Location
- Country: Canada
- Province: Quebec
- Region: Côte-Nord
- RCM: Minganie

Physical characteristics
- Source: Unidentified lake
- • location: Rivière-au-Tonnerre
- • coordinates: 50°20′35″N 64°47′20″W﻿ / ﻿50.34302°N 64.78892°W
- • elevation: 120 m (390 ft)
- Mouth: Gulf of Saint Lawrence
- • location: Rivière-au-Tonnerre
- • coordinates: 50°16′26″N 64°47′37″W﻿ / ﻿50.27389°N 64.79361°W
- • elevation: 1 metre (3 ft 3 in)
- Length: 13.0 km (8.1 mi)

Basin features
- • left: (upstream) 4 streams draining a marsh area.
- • right: (upstream) discharge from a lake, discharge from the Lacs de la Passe Sale, discharge from a small lake.

= Duck River (Minganie) =

The rivière Duck (English: Duck River) is a watercourse that crosses the municipality of Rivière-au-Tonnerre, in the Minganie Regional County Municipality, in the administrative region of Côte-Nord, in province of Quebec, in Canada.

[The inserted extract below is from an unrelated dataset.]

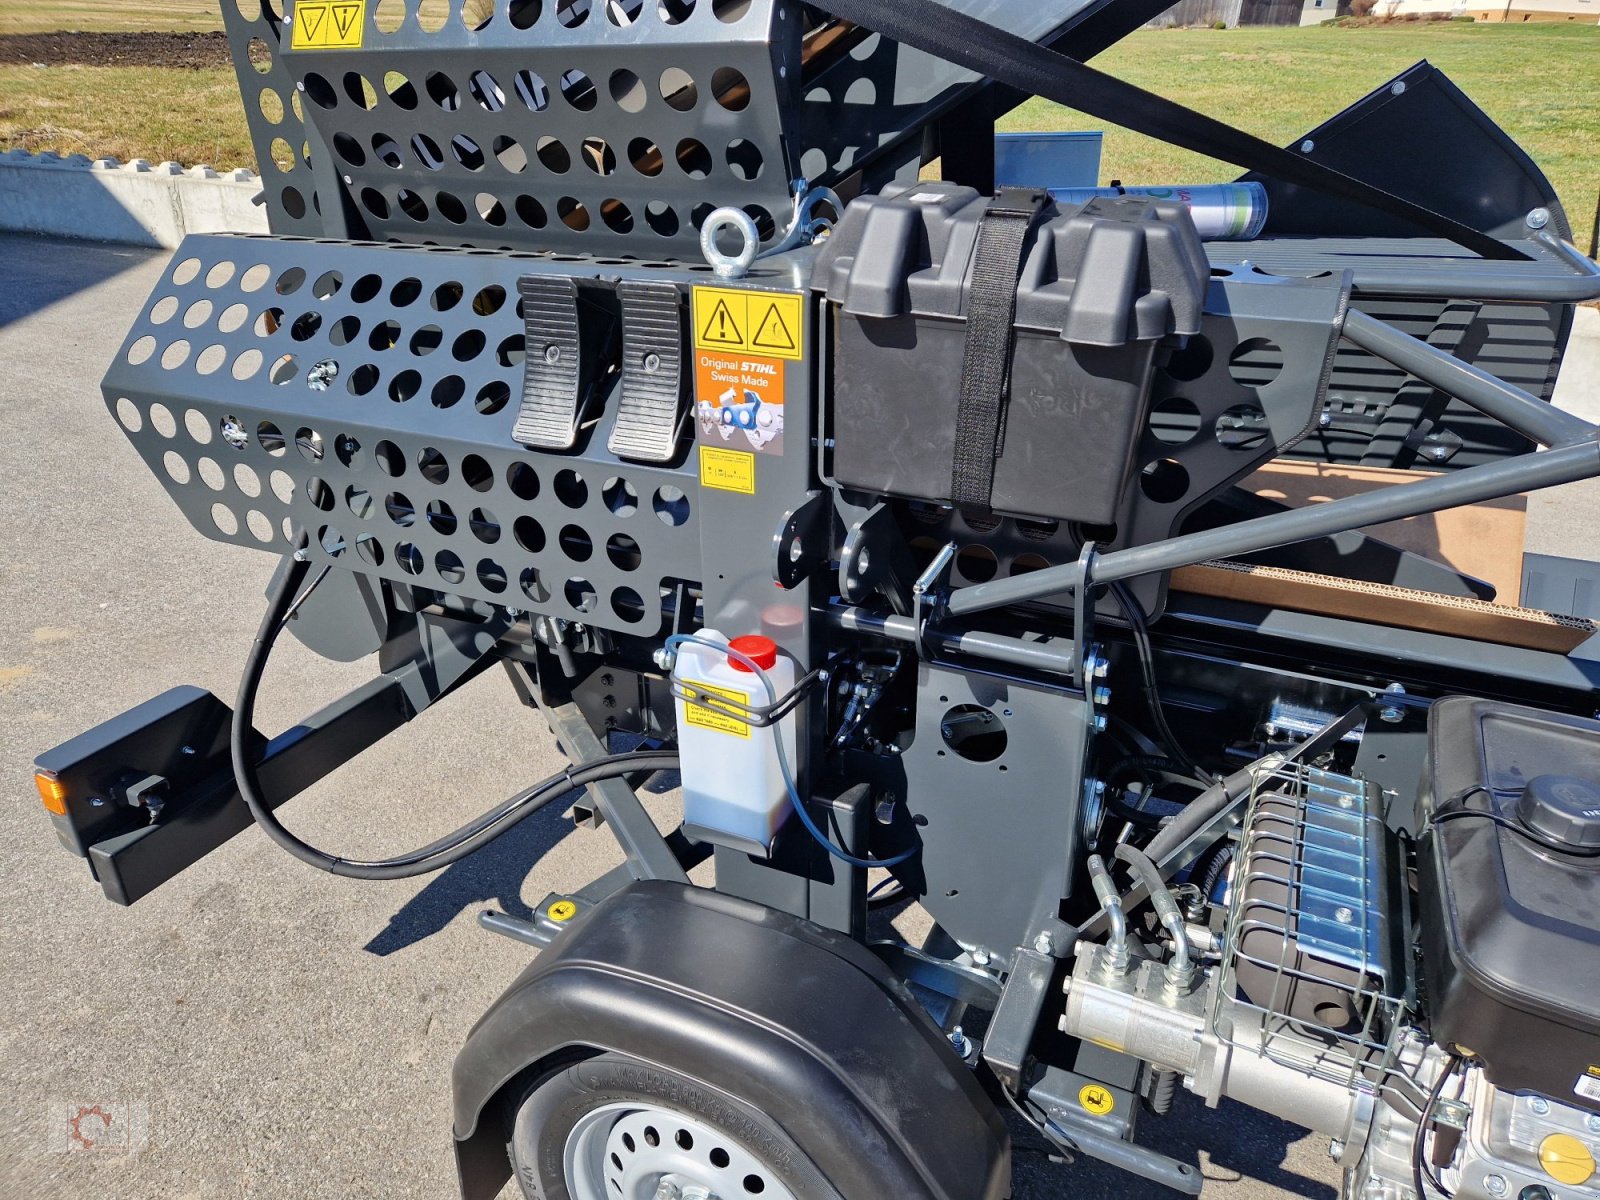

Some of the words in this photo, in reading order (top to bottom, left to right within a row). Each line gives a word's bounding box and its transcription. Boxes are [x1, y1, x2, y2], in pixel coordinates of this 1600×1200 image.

[701, 357, 738, 370] Original
[740, 362, 777, 375] STIHL
[711, 371, 739, 383] Swiss
[741, 375, 769, 387] Made

The southern part of the hydrographic slope of the Duck River is served by the route 138 which runs along the north shore of the Gulf of Saint Lawrence. The forest road R0902 (going up towards the North-West) serves the eastern part of this slope going up this valley; then the western part of the upper part.

== Geography ==

The course of the Duck River generally descends to the south, between the rivière à Jim-Hearst (located to the west) and the rivière au Tonnerre (located at the east).

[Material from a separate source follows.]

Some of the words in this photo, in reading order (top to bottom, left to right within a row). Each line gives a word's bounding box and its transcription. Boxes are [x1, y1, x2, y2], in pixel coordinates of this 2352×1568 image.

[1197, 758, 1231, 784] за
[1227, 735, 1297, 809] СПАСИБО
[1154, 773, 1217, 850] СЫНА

The Duck River originates from a lake (length: 2.7 km; altitude: 120 m). This source is located in a forest area at:
- 2.2 km southwest of the course of the Tonnerre river;
- 8.2 km northwest of the mouth of the Duck River;
- 7.9 km north-west of the center of the village of rivière-au-Tonnerre;
- 85.3 km southwest of the center of the village of Havre-Saint-Pierre.

From its source, the Duck River flows on 13.0 km with a drop of 119 m, according to the following segments:
- 3.8 m towards the south, collecting a stream (coming from the west), forming a loop towards the west, until a bend in the river, corresponding to the discharge (coming from west) of the Lacs de la Passe Sale;
- 2.7 m first eastward, passing under the bridge of a forest road, to a bend in the river, located on the west side of a marsh area; then to the south-east, to a bend in the river, corresponding to the discharge of a lake (coming from the west);
- 6.5 km towards the south, first along a marsh area (located on the east side), forming a hook towards the west where it passes under the bridge on rue de la Forêt (route R0902), forming two large S's at the end of the segment and passing under the bridge on route 138 (rue Jacques-Cartier), then under the bridge on rue des Sarcelles, up to at its mouth.

The mouth of this river has a small estuary stretching 0.59 km, that is to say downstream of route 138, designated Anse à Harry. This small estuary could serve as a refuge in case of big waves on the Gulf. This cove is located between Anse Kennedy (located to the east) and Anse à Roméo-Noël (located to the west).

== Toponymy ==
The toponym "Rivière Duck" was made official on June 13, 1997, at the Place Names Bank of the Commission de toponymie du Québec.